What power is needed to create such a constant force?

[Piewie]

Maybe this problem is easy to solve, but I can't find a way out.

I need to know what power is needed to create an acceleration of 9.81 m/s^2.
For an object with a mass of 1 kg.

A constant force of 9.81 N is needed (that's easy ).

But what power is needed to create such a constant force?
There is no friction.


Thanx 4 your help,
Pieter

 

[Doc Al]

If a force of 9.81 N is applied to a 1 kg object, it will accelerate. The power required to maintain that force on the object will depend on the speed of the object: P = Fv. (Power is the rate at which work is done or energy is transferred.)

 

[spacetime]

If you are keeping the force constant, you'll have to put in more and more power as time passes.

You can calculate it from:

$$P = \vec{F} \cdot \vec{v}$$

at any time when the velocity is v.

So, basically at any time t,

$$P = F \times a \times t$$


spacetime
www.geocities.com/physics/index.html

 

[Piewie]

Thanx a lot, but unfortunately these answers only solve a part of my problem.

The actual question is: what power must a rocket deliver so that its upward force equals the gravitational force. So the rocket will 'float' above the launch platform.

There is no upward or downward speed, except for the exhaust products.

Pieter

 

[HallsofIvy]

In order for the rocket to "float" above a platform, the upward force must be exactly the same as the gravitational force: gm. I don't see what that has to do with "power" (work done per second). You could for example, "float" the rocket by putting it on a table which would exert the correct force while doing no work at all.

 

[sal]

Thanx a lot, but unfortunately these answers only solve a part of my problem.

The actual question is: what power must a rocket deliver so that its upward force equals the gravitational force. So the rocket will 'float' above the launch platform.

There is no upward or downward speed, except for the exhaust products.

Pieter

:rofl: zero
Intentional or otherwise, this is a "trick question". A stationary rocket motor delivers zero power to the rocketship. As someone already said in this thread, w=f*v and when v=0, w=0.

Now, if you want to figure out how much power is being delivered to the exhaust, that will be nonzero. However, there's no single answer. If the thrust (force) needed is f then

$$f = v_{exhaust} \cdot \frac{dm}{dt}$$

as you probably already know. But you can achieve the needed f value with many different combinations of v_e and dm/dt, and each different combination will yield a different rate of energy transfer into the exhaust.

If one packet of exhaust is dm, and exhaust velocity is v_e, then one packet of energy into the exhaust is

$$dE = \frac{1}{2} \cdot dm \cdot v_e^2$$

Divide through by dt and you've got power.

 

[pmb_phy]

Thanx a lot, but unfortunately these answers only solve a part of my problem.

The actual question is: what power must a rocket deliver so that its upward force equals the gravitational force. So the rocket will 'float' above the launch platform.

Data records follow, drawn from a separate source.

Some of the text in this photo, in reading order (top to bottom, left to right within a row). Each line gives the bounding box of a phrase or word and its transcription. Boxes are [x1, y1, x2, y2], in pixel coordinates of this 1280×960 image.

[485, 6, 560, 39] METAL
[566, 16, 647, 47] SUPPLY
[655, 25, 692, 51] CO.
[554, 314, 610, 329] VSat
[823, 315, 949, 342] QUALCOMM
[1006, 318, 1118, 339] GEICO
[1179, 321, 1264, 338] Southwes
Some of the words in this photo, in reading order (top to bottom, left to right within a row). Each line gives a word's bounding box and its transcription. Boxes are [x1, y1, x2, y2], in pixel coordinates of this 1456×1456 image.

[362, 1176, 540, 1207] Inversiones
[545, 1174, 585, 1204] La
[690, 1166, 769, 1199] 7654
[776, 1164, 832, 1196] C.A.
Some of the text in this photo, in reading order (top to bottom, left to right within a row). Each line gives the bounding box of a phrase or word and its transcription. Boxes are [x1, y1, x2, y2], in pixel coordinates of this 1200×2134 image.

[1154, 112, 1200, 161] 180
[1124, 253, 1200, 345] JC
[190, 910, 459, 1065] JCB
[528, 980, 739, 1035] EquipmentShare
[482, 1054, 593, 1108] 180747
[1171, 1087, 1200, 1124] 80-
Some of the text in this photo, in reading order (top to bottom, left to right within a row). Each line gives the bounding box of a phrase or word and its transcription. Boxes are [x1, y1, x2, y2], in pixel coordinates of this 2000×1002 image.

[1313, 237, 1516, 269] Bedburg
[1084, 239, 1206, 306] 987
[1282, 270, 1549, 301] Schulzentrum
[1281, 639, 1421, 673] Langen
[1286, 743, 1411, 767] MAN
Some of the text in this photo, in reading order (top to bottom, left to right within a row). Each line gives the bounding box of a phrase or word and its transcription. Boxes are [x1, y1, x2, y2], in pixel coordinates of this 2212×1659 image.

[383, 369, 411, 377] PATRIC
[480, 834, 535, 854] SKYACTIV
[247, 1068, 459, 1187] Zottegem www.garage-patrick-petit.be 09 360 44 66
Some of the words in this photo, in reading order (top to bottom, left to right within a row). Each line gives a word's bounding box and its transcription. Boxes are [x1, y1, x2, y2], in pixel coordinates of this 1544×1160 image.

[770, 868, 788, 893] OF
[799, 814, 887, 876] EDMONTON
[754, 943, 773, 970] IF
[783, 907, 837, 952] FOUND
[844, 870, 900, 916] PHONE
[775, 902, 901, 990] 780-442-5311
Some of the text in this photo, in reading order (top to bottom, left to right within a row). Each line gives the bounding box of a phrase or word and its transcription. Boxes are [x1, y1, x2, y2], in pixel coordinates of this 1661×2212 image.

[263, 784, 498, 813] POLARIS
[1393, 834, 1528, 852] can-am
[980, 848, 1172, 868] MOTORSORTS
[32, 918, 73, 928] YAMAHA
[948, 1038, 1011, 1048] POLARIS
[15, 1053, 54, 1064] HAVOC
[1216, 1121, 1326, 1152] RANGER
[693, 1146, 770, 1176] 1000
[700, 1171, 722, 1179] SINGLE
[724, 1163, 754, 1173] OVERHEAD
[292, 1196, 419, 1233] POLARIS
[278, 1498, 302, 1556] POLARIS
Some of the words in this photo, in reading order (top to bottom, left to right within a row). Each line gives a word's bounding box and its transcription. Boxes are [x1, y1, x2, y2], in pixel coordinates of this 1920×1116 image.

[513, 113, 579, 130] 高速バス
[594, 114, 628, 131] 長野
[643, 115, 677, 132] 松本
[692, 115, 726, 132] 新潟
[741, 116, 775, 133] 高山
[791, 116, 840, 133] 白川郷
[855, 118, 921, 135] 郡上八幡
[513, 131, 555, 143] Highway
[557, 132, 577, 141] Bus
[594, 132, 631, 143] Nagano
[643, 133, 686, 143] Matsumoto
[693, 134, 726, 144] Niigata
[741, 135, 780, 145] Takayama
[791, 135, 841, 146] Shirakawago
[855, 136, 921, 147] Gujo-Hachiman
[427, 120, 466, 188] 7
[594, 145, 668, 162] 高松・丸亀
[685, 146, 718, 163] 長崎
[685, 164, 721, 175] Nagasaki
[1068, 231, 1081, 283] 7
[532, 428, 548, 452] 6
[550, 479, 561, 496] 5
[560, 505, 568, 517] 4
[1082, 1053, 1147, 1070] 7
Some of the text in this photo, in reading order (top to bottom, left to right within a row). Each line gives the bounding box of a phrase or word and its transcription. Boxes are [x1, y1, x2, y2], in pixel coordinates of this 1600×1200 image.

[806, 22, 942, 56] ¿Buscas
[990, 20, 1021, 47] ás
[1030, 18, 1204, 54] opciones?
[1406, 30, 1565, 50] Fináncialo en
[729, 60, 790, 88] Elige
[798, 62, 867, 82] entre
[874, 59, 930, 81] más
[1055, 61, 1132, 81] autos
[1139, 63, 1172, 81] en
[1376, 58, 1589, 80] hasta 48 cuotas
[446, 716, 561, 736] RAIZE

There is no upward or downward speed, except for the exhaust products.

Pieter

The question is quite literally meaningless. Work is not being done on such a rocket so the time rate of change of the energy of the rocket is zero. Power is the rate at which work is being done and in this case there is no work being done. E.g. it takes zero energy to let a rocket stay at a given location such as sitting on the ground on the launch pad.

However, rocket fuel is being burned and energy is being changed from one form to another at a given rate. This energy goes into the chaging the kinetic energy of the gas particles and thus giving them momentum. This momentum serves to impress a force on the rocket. But there is no direct relationship between this rate and the weight of the rocket since some fuels will be more efficient than others. This is akin to saying "How much energy do I need to expend in order to hold up a bucket full of water?" The work done on such a bucket, while holding it at a particular height, is zero. But energy is being burnt by your body in order to accomplish this.

Pete